AVAILABLE DATA below:

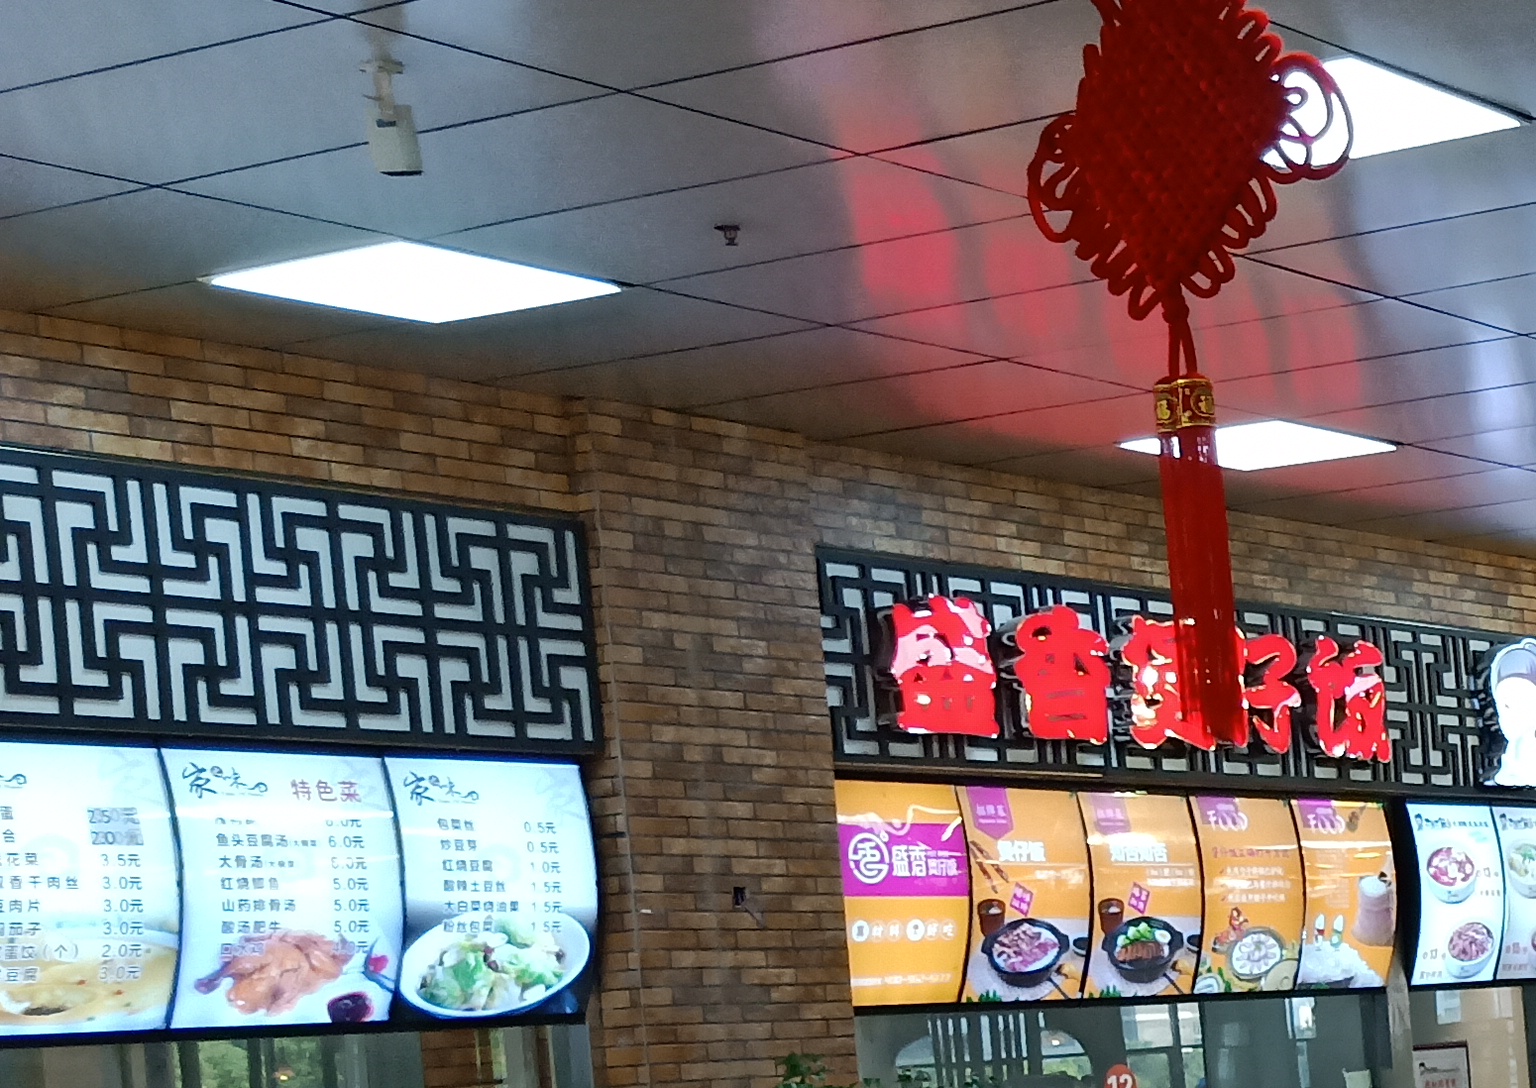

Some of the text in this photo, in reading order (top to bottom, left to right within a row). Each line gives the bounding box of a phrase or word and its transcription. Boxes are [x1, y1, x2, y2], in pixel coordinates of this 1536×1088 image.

[290, 779, 362, 803] 特色菜
[328, 836, 365, 849] 6.0元
[0, 852, 141, 868] 花菜 3.5元
[102, 876, 143, 891] 3.0元
[333, 878, 369, 891] 5.0元
[103, 899, 144, 914] 3.0元
[334, 899, 370, 912] 5.0元
[103, 922, 144, 936] 3.0元
[334, 920, 370, 934] 5.0元
[101, 944, 142, 958] 2.0元
[0, 966, 140, 982] 豆腐 3.0元

End of AVAILABLE DATA.

● YOUR ASSIGNMENT:
Omitting the pictures, copy each record above exactly as it stands.

● SOLUTION FOR THIS TASK:
Some of the text in this photo, in reading order (top to bottom, left to right within a row). Each line gives the bounding box of a phrase or word and its transcription. Boxes are [x1, y1, x2, y2], in pixel coordinates of this 1536×1088 image.

[290, 779, 362, 803] 特色菜
[328, 836, 365, 849] 6.0元
[0, 852, 141, 868] 花菜 3.5元
[102, 876, 143, 891] 3.0元
[333, 878, 369, 891] 5.0元
[103, 899, 144, 914] 3.0元
[334, 899, 370, 912] 5.0元
[103, 922, 144, 936] 3.0元
[334, 920, 370, 934] 5.0元
[101, 944, 142, 958] 2.0元
[0, 966, 140, 982] 豆腐 3.0元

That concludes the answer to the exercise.